I'm quite new to all of this so I have limited knowledge about programs or softwares, which could help us so sorry about that...

fpusan commented 5 years ago

Binning does not group reads with similar sequences (that would be clustering), but with similar abundance profiles.

For customizing assembly options in SqueezeMeta just add

-assembly_options "-genomeSize 1000 -minReadLength 250 -minOverlapLength 250"

The extra assembly options must be enclosed in double quotes.

In general, I think you would be better by using an amplicon-oriented pipeline (though I'm of course glad that you gave SqueezeMeta a chance!). I'm not sure though on what would be the best pipeline for minION reads, which generally have a lot of sequencing errors...

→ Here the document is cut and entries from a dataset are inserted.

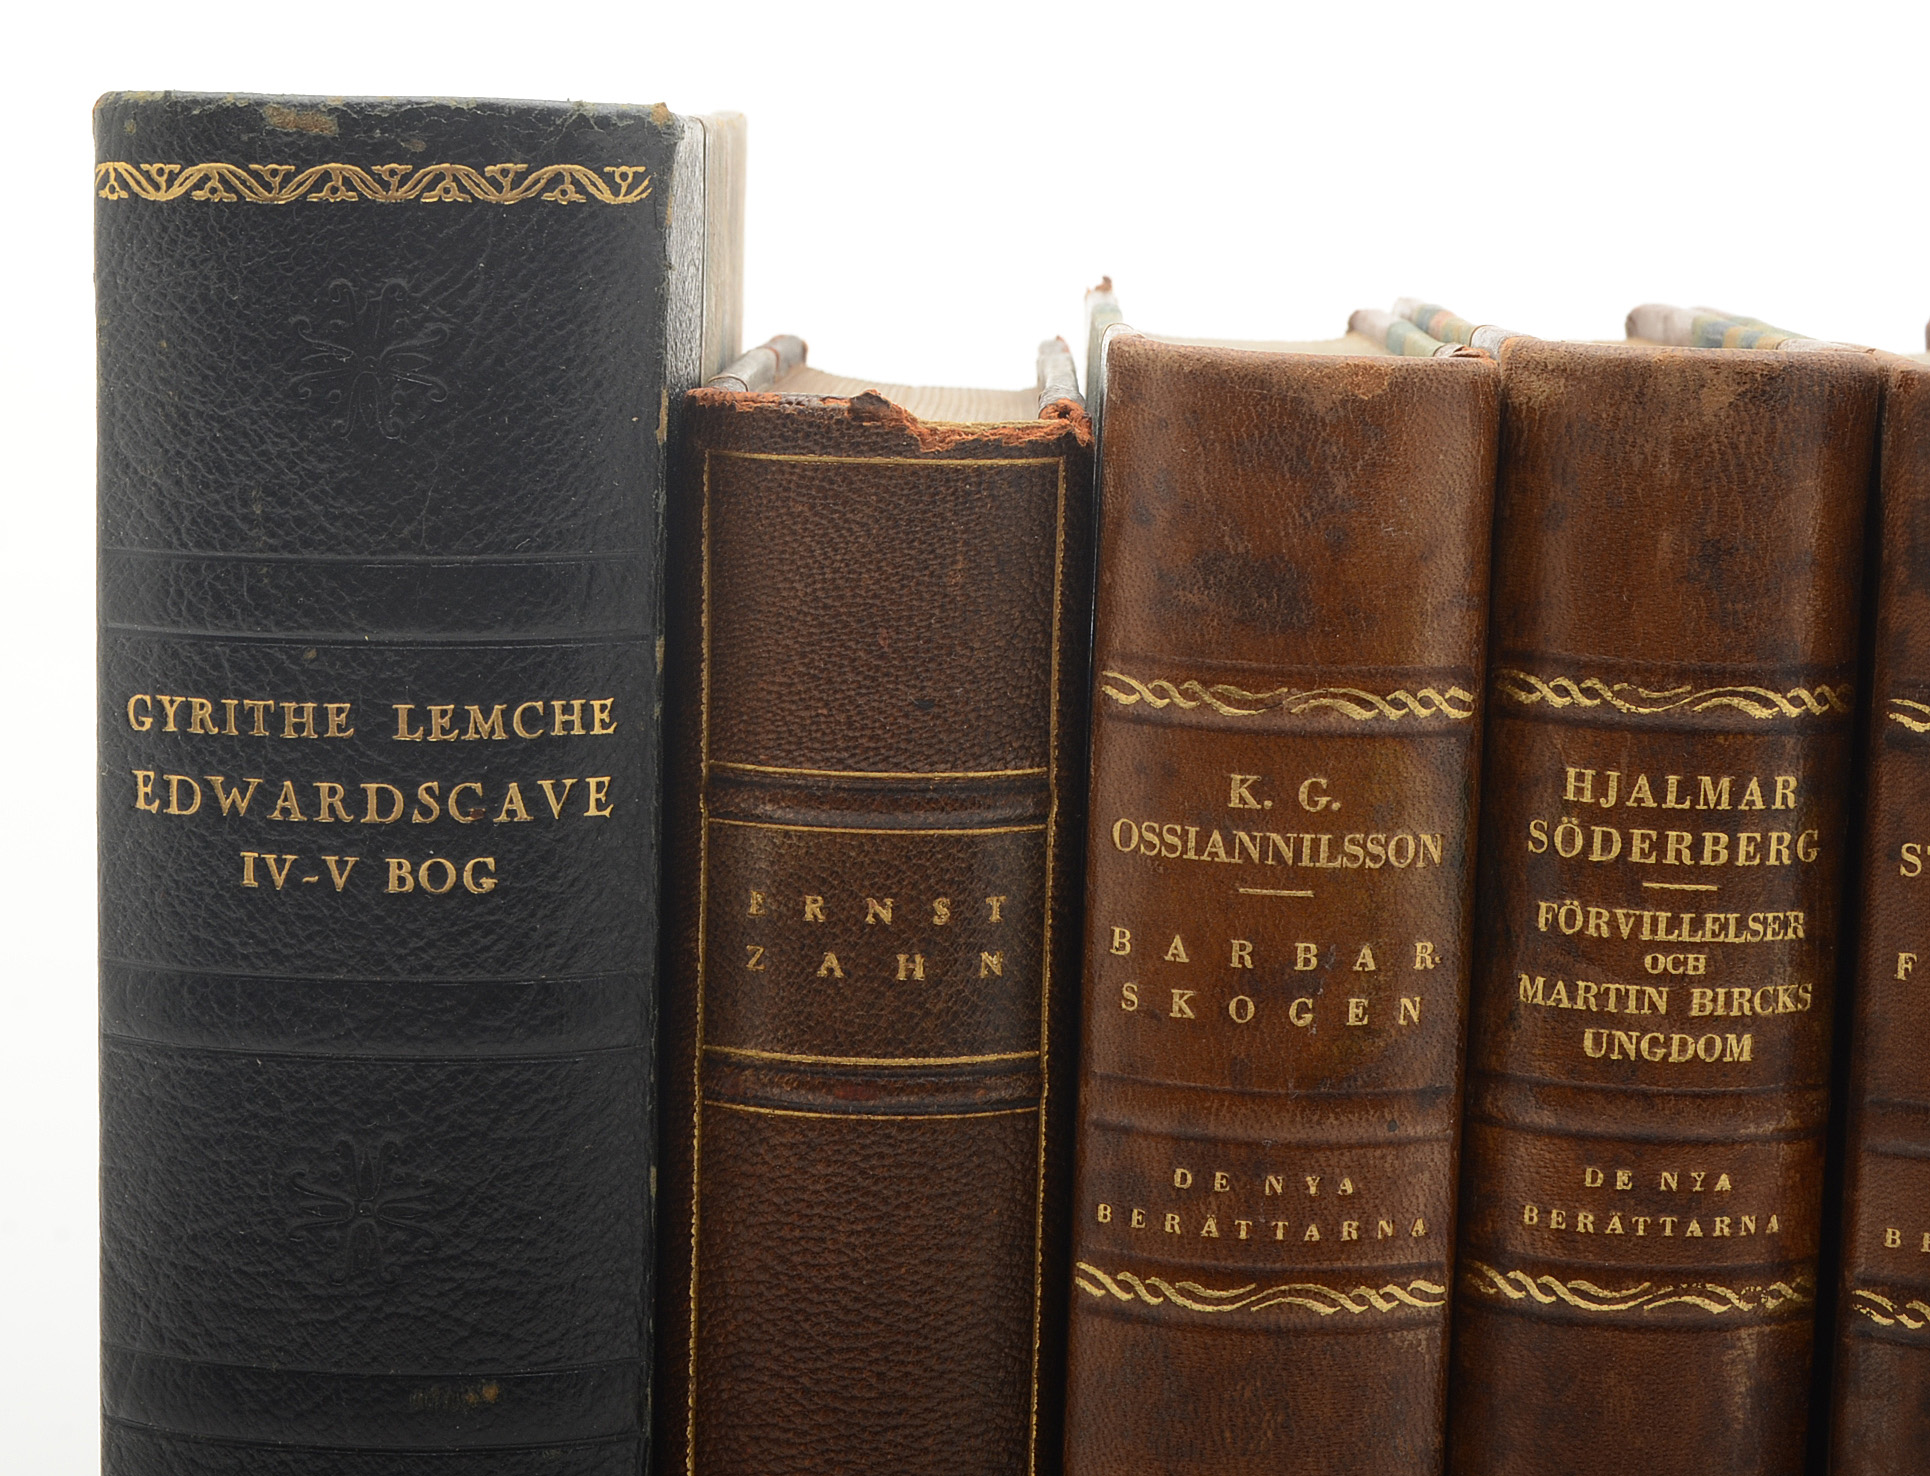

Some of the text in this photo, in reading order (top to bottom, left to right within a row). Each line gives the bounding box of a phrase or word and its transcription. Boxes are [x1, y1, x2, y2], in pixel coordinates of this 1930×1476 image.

[127, 693, 618, 742] GYRITHE LEMCHE
[1227, 773, 1341, 813] K. G.
[1562, 766, 1798, 811] HJALMAR
[1112, 817, 1442, 869] OSSIANNILSSON
[1528, 816, 1818, 867] SÖDERBERG
[1899, 842, 1930, 877] S
[386, 857, 498, 894] BOG
[747, 890, 1006, 926] ERNST
[1538, 899, 1805, 944] FÖRVILLELSER
[746, 946, 1002, 981] ZAHN
[1644, 953, 1707, 975] OCH
[1121, 982, 1421, 1027] SKOGEN
[1519, 974, 1812, 1017] MARTIN BIRCKS
[1583, 1028, 1752, 1063] UNGDOM
[1173, 1168, 1354, 1196] DE NYA
[1584, 1167, 1732, 1192] DE NYA
[1097, 1203, 1426, 1242] BERÄTTARNA
[1523, 1204, 1779, 1237] BERÄTTARNA
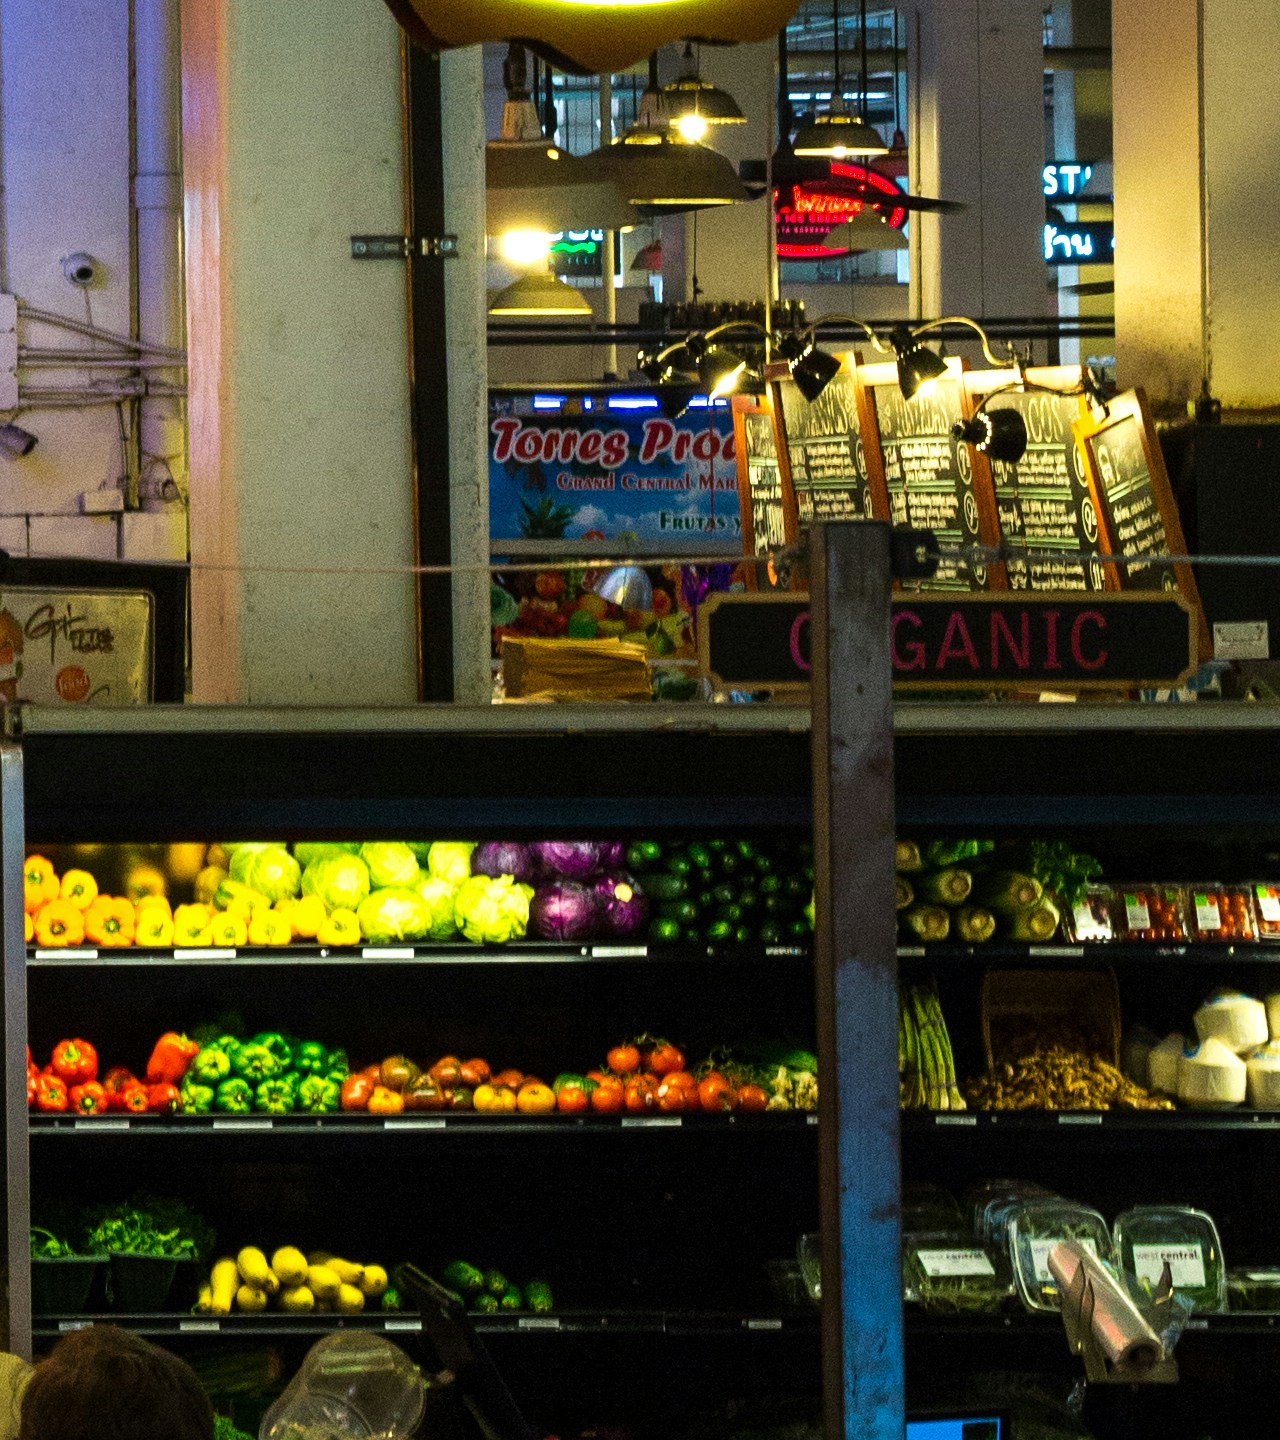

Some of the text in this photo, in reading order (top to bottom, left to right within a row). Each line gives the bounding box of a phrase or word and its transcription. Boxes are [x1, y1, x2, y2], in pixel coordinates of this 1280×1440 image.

[491, 417, 630, 469] Torres
[788, 610, 1109, 670] OGANIC
[1160, 1250, 1198, 1261] central
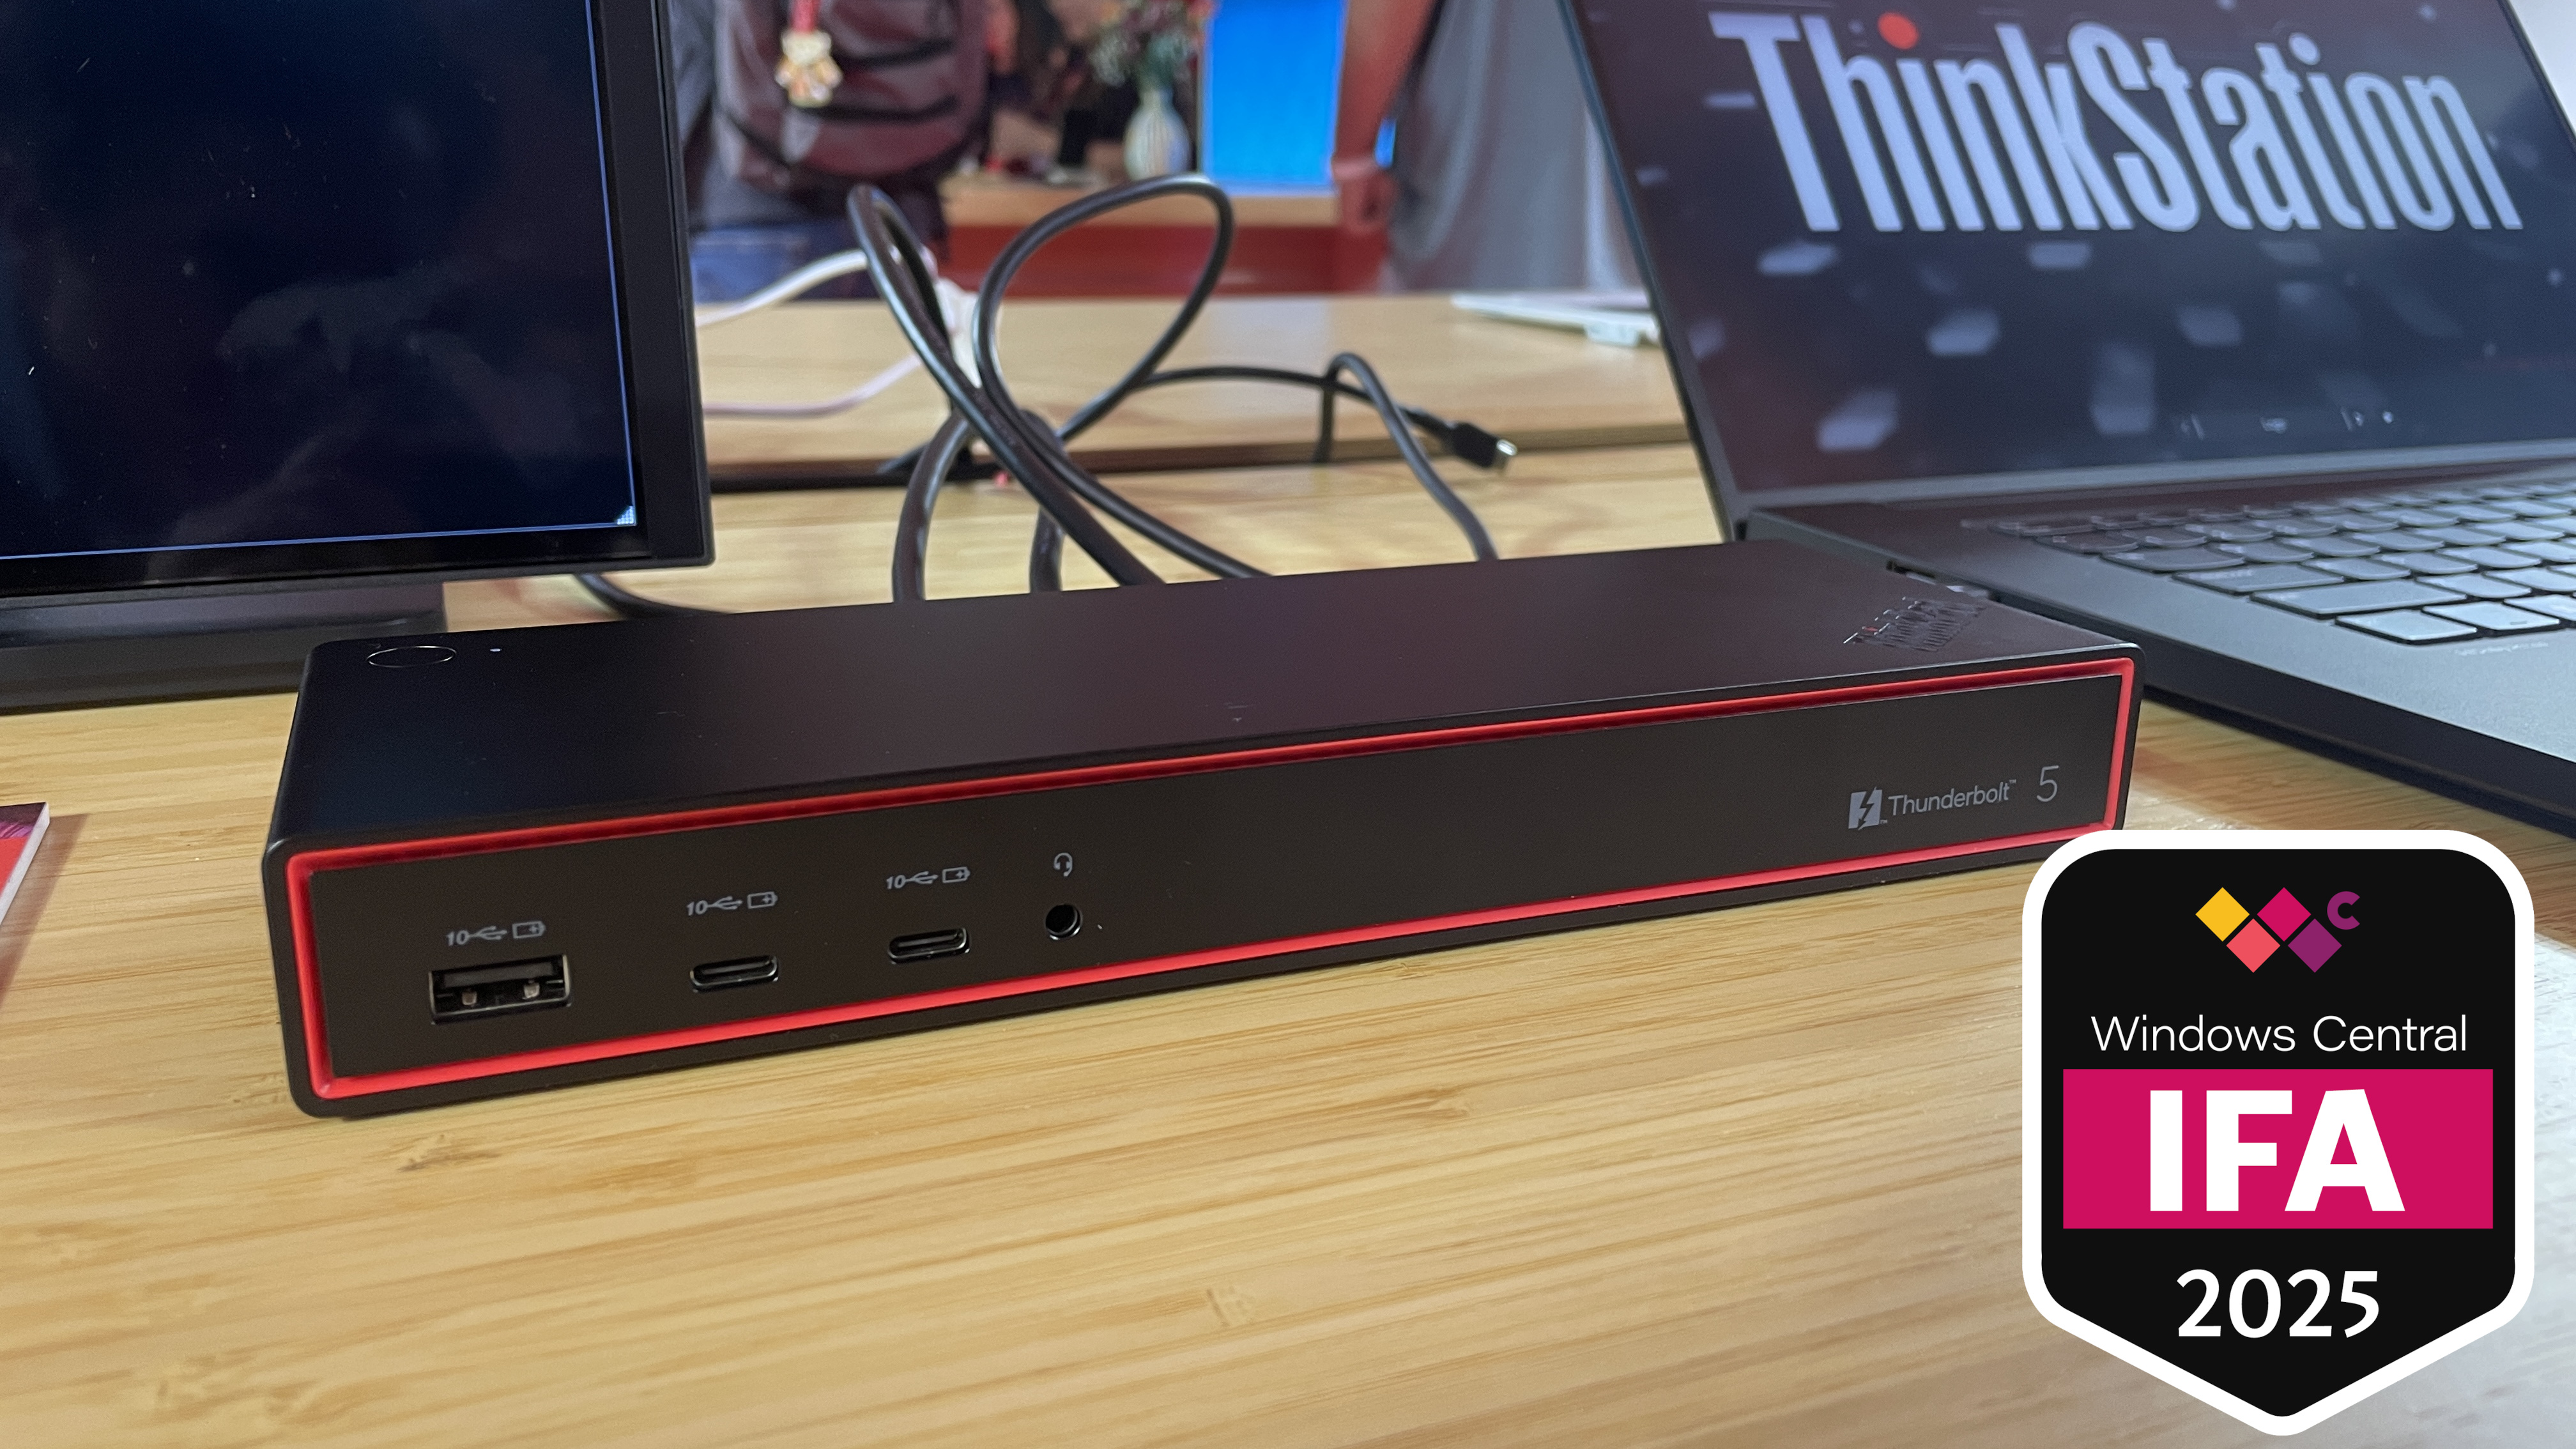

SamueWildhaber commented 5 years ago

We adjusted the parameters in the original code and the output generated through SqueezeMeta was now much better. The problem we have at the moment is the amount of reads where canu seems to have problems but MegaHit not.

Thanks for your help it was very interessting to see whether SqueezeMeta is capable to work with amplicon reads and at the end we can say with some adjustments it would work.